#####################
Software Architecture
#####################

In the :ref:`approach` section, we identified three steps.
When we have multiple processing steps, we need to define multiple functions to implement
those steps. The mapping isn't exact because we're refining abstractions into concrete
expressions.

1.  The core RSS reader function. Pragmatically, this tends to expand into more than one function
    so we can separate the core XML parsing from add-on parsing that's unique to the data we're working with.
    For example, decomposing the title isn't about RSS in general, it's about this specific problem domain.

2.  A saved state getter.
    There's not much to this, but it's important to recover the information
    from the chalky slate where each day's updates are recorded.

4.  A saved state writer.
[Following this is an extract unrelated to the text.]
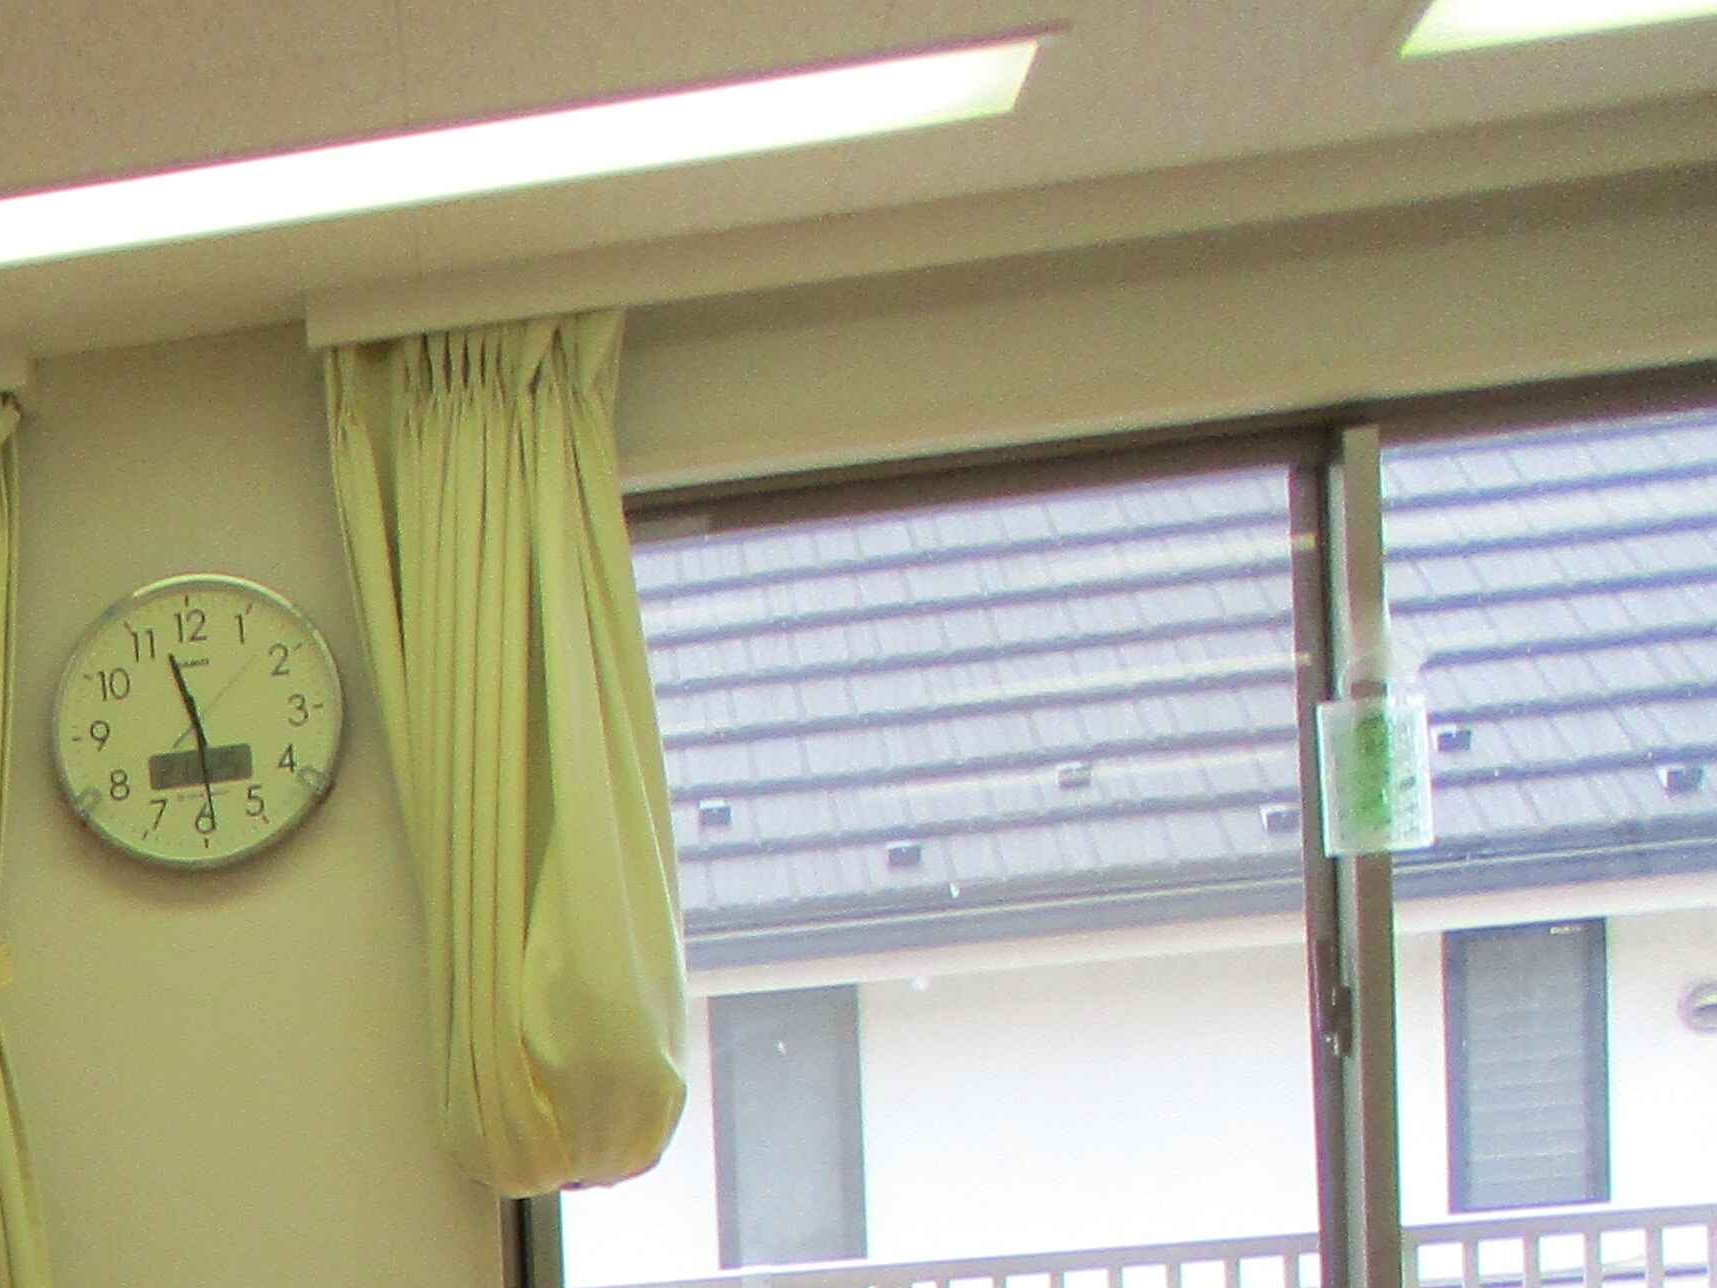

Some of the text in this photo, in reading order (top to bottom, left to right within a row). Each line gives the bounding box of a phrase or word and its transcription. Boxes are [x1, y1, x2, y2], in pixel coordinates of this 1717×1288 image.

This can be pressed into service to write all of the files,
    since they're structurally identical.

Let's rough out the overall plan as conceptual pseudo-code shoing the original approach
steps and how they've become functions that map arguments to results.

::

    yesterdays_path, todays_path = path_maker("Some_RSS_URL")

    # 1. Get Daily RSS Feed
    todays_data = xml_reader("Some_RSS_URL")
    saved_data = csv_load(yesterday_path / "save.csv")

    # 2. Compare with saved history
    new_data = set(todays_data) - set(saved_data)

    # 3. Update saved history
    all_data = set(todays_data) | set(saved_data)

    csv_dump(new_data, today_path / "new.csv")
    csv_dump(todays_data, today_path / "daily.csv")
    csv_dump(all_data, today_path / "save.csv")

The above is purely conceptual. The idea is to outline a possible approach. As we delve into
details, we'll uncover places where this might be less than perfect. The final code will
differ based on the things we learn along the way.

This core processing sequence can be performed for any number of RSS channels. The idea is
to capture as many as necessary.

Some Design Patterns
--------------------

One overall idea that is helpful is the **Extract-Transform-Load** (ETL) pipeline.
This application involves ETL in miniature:

-   Extract raw data from it's XML representation to build Python objects.

-   Transform the raw data from one class of Python objects to another class of objects.

-   Load the transformed data into a "database". In this case, a bunch of directories
    and files. The conceptual "database load" is implemented as function to "dump" the data
    in CSV notation.

    The terminology change is awkward, but Python uses "dump" and "load"
    as the verbs of choice for dumping python objects into an external file and loading
    Python objects from an external file.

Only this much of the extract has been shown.